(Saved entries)
□ □ □

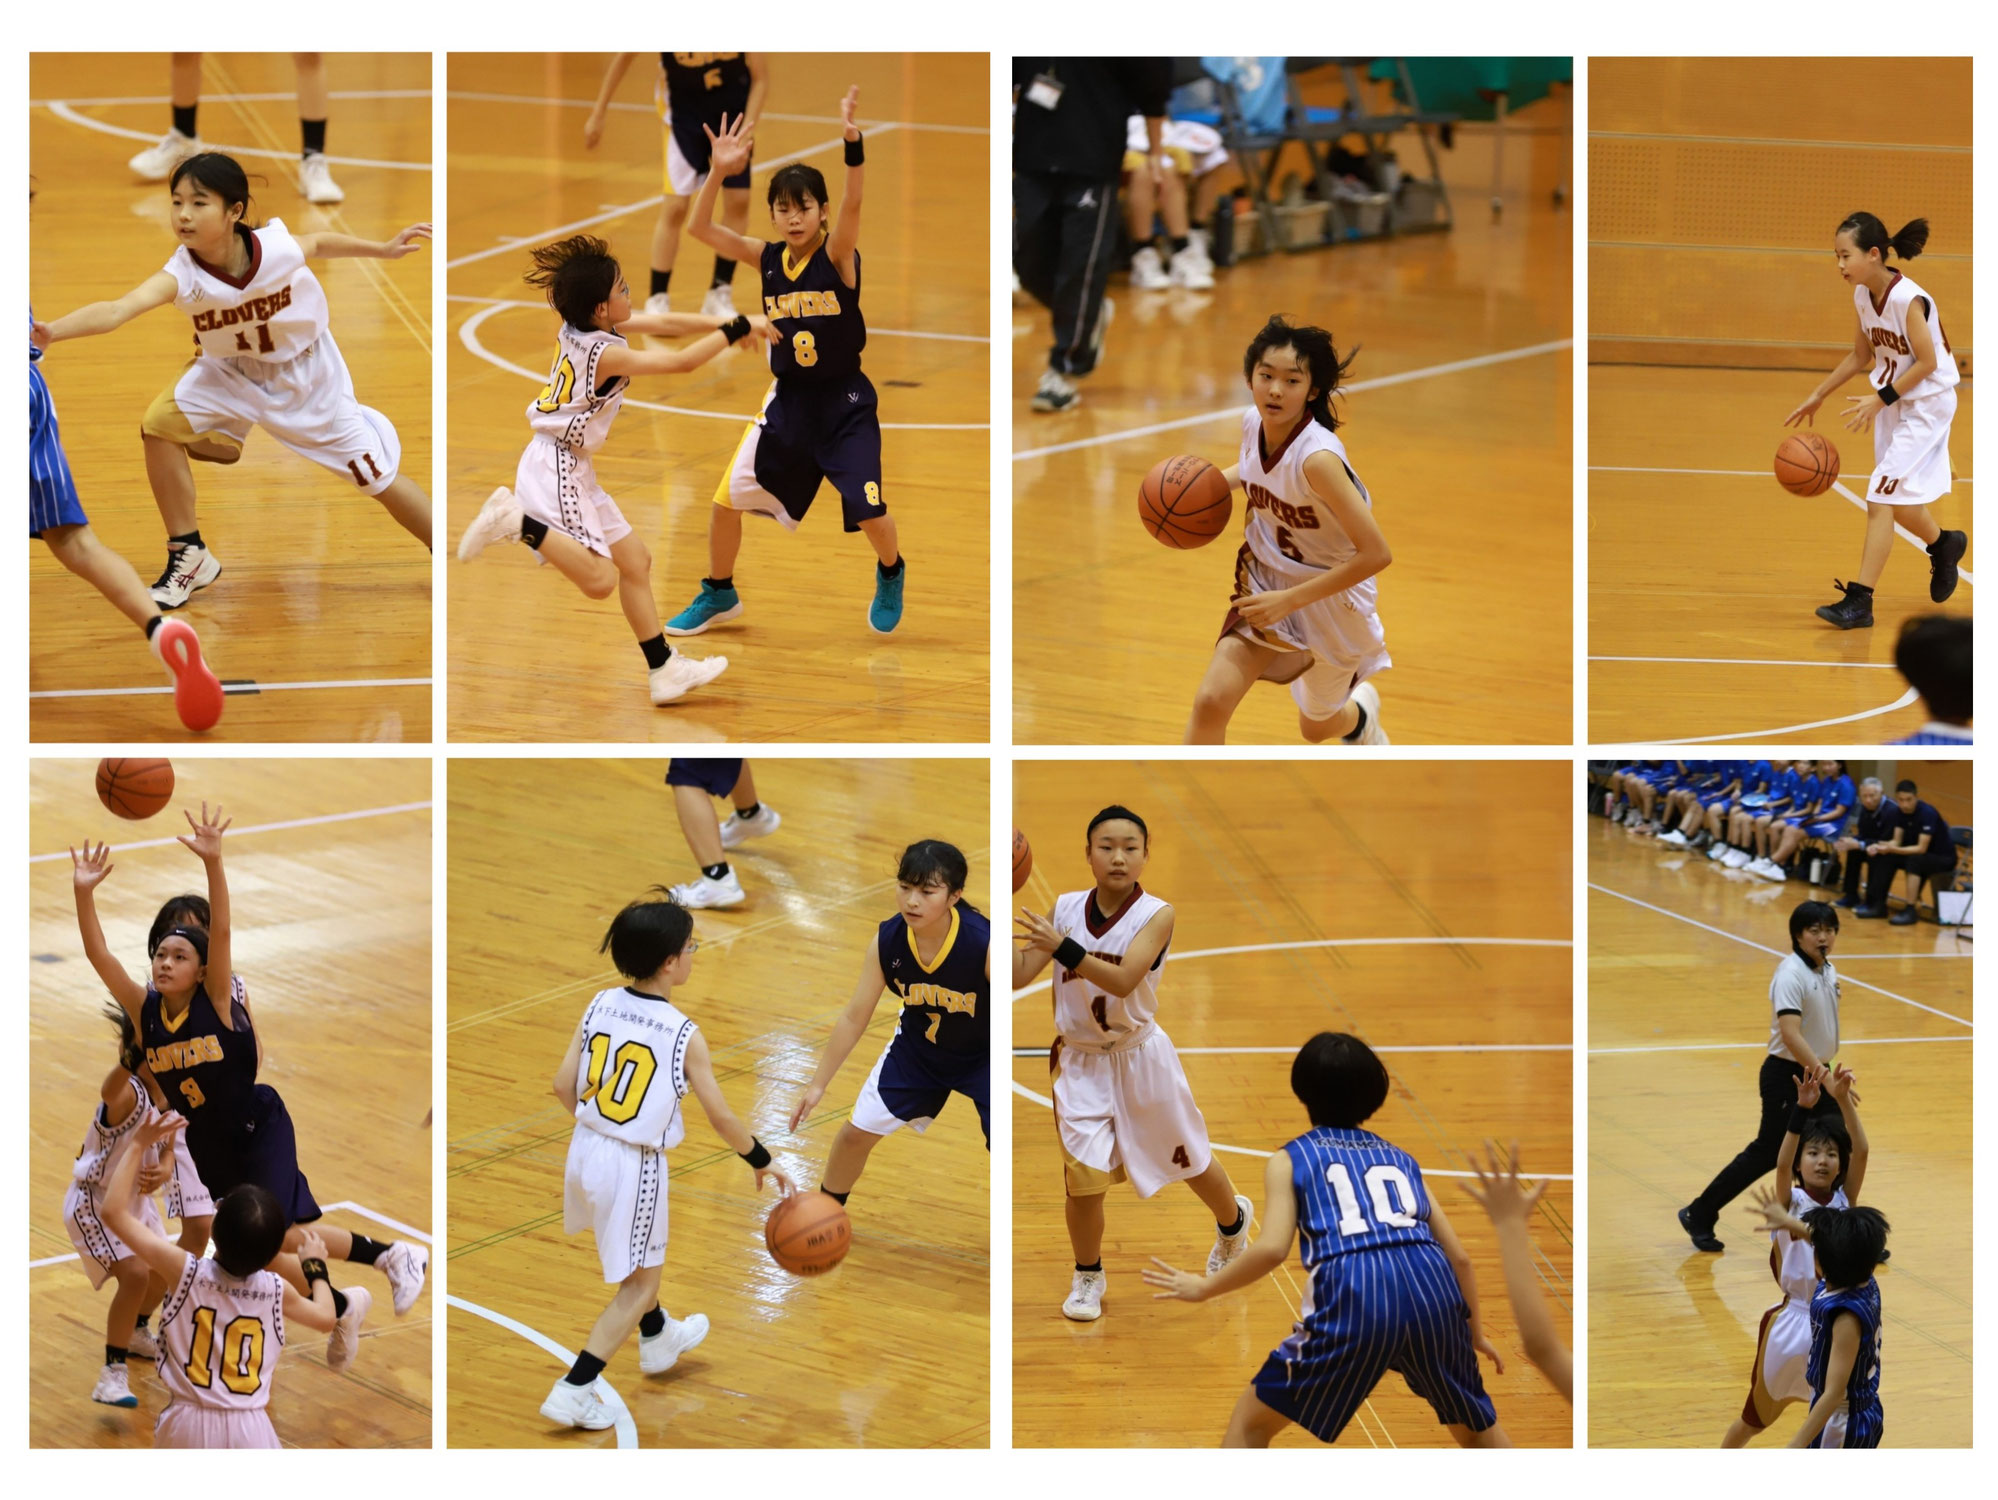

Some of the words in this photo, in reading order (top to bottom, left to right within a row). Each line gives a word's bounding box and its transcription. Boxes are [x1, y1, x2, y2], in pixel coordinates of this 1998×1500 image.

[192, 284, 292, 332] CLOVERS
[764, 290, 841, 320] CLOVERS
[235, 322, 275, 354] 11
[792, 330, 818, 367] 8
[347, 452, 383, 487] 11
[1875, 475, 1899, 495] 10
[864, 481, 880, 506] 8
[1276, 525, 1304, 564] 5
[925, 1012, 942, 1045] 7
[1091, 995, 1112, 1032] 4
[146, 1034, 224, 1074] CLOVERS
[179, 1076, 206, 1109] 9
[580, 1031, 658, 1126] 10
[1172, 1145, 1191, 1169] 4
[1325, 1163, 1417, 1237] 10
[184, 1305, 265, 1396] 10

□ □ □

### Exercise directions
Write out the data precisely as given, excluding the pictures.

### Solution to the problem
Some of the words in this photo, in reading order (top to bottom, left to right within a row). Each line gives a word's bounding box and its transcription. Boxes are [x1, y1, x2, y2], in pixel coordinates of this 1998×1500 image.

[192, 284, 292, 332] CLOVERS
[764, 290, 841, 320] CLOVERS
[235, 322, 275, 354] 11
[792, 330, 818, 367] 8
[347, 452, 383, 487] 11
[1875, 475, 1899, 495] 10
[864, 481, 880, 506] 8
[1276, 525, 1304, 564] 5
[925, 1012, 942, 1045] 7
[1091, 995, 1112, 1032] 4
[146, 1034, 224, 1074] CLOVERS
[179, 1076, 206, 1109] 9
[580, 1031, 658, 1126] 10
[1172, 1145, 1191, 1169] 4
[1325, 1163, 1417, 1237] 10
[184, 1305, 265, 1396] 10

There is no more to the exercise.